◆ **PROMPT**
In the copy, include every record below exactly as it appears, but no pictures.

(Saved entries)
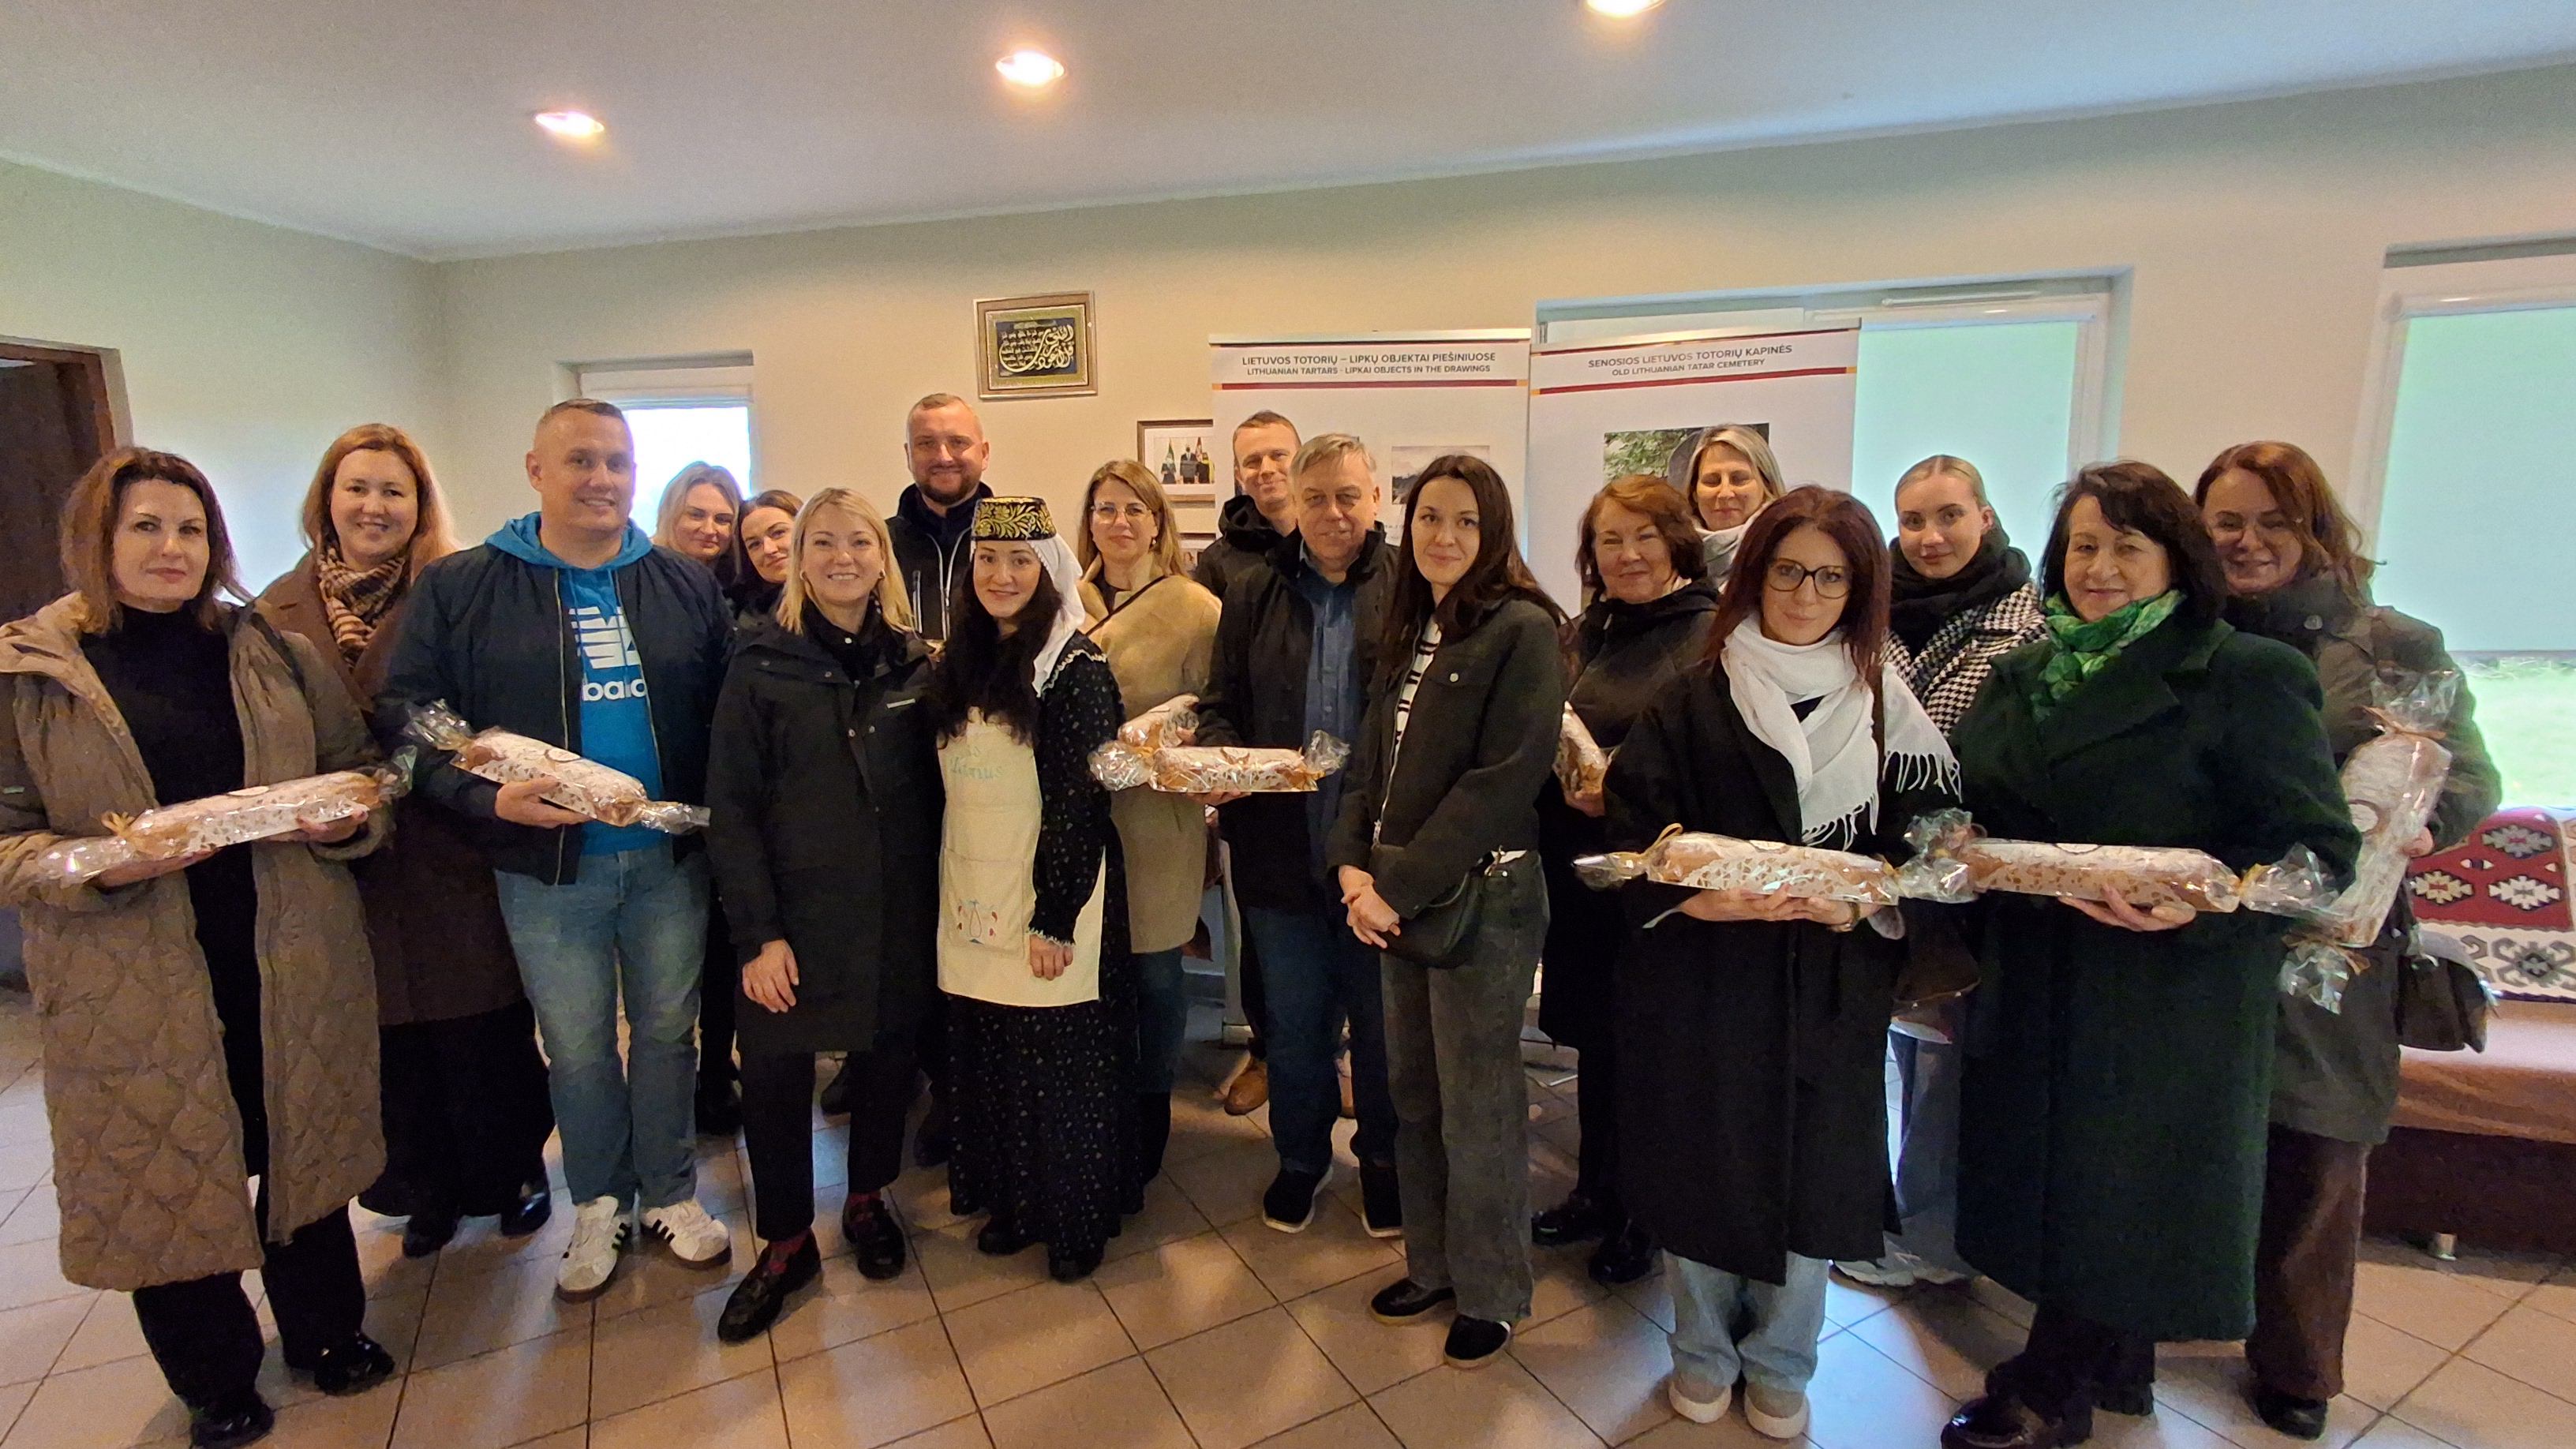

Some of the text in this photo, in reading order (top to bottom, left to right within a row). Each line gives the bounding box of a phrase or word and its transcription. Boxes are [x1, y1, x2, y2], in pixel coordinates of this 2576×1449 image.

[1242, 356, 1291, 365] LIETUVOS
[1294, 355, 1338, 365] TOTORIŲ
[1350, 354, 1379, 365] LIPKŲ
[1381, 354, 1429, 363] OBJEKTAI
[1432, 351, 1496, 362] PIEŠINIUOSE
[1588, 344, 1793, 368] SENOSIOS LIETUVOS TOTORIŲ KAPINĖS
[1374, 365, 1412, 374] OBJECTS
[1632, 364, 1685, 375] LITHUANIAN
[1717, 358, 1765, 369] CEMETERY

◆ **ANSWER SPACE**
Some of the text in this photo, in reading order (top to bottom, left to right within a row). Each line gives the bounding box of a phrase or word and its transcription. Boxes are [x1, y1, x2, y2], in pixel coordinates of this 2576×1449 image.

[1242, 356, 1291, 365] LIETUVOS
[1294, 355, 1338, 365] TOTORIŲ
[1350, 354, 1379, 365] LIPKŲ
[1381, 354, 1429, 363] OBJEKTAI
[1432, 351, 1496, 362] PIEŠINIUOSE
[1588, 344, 1793, 368] SENOSIOS LIETUVOS TOTORIŲ KAPINĖS
[1374, 365, 1412, 374] OBJECTS
[1632, 364, 1685, 375] LITHUANIAN
[1717, 358, 1765, 369] CEMETERY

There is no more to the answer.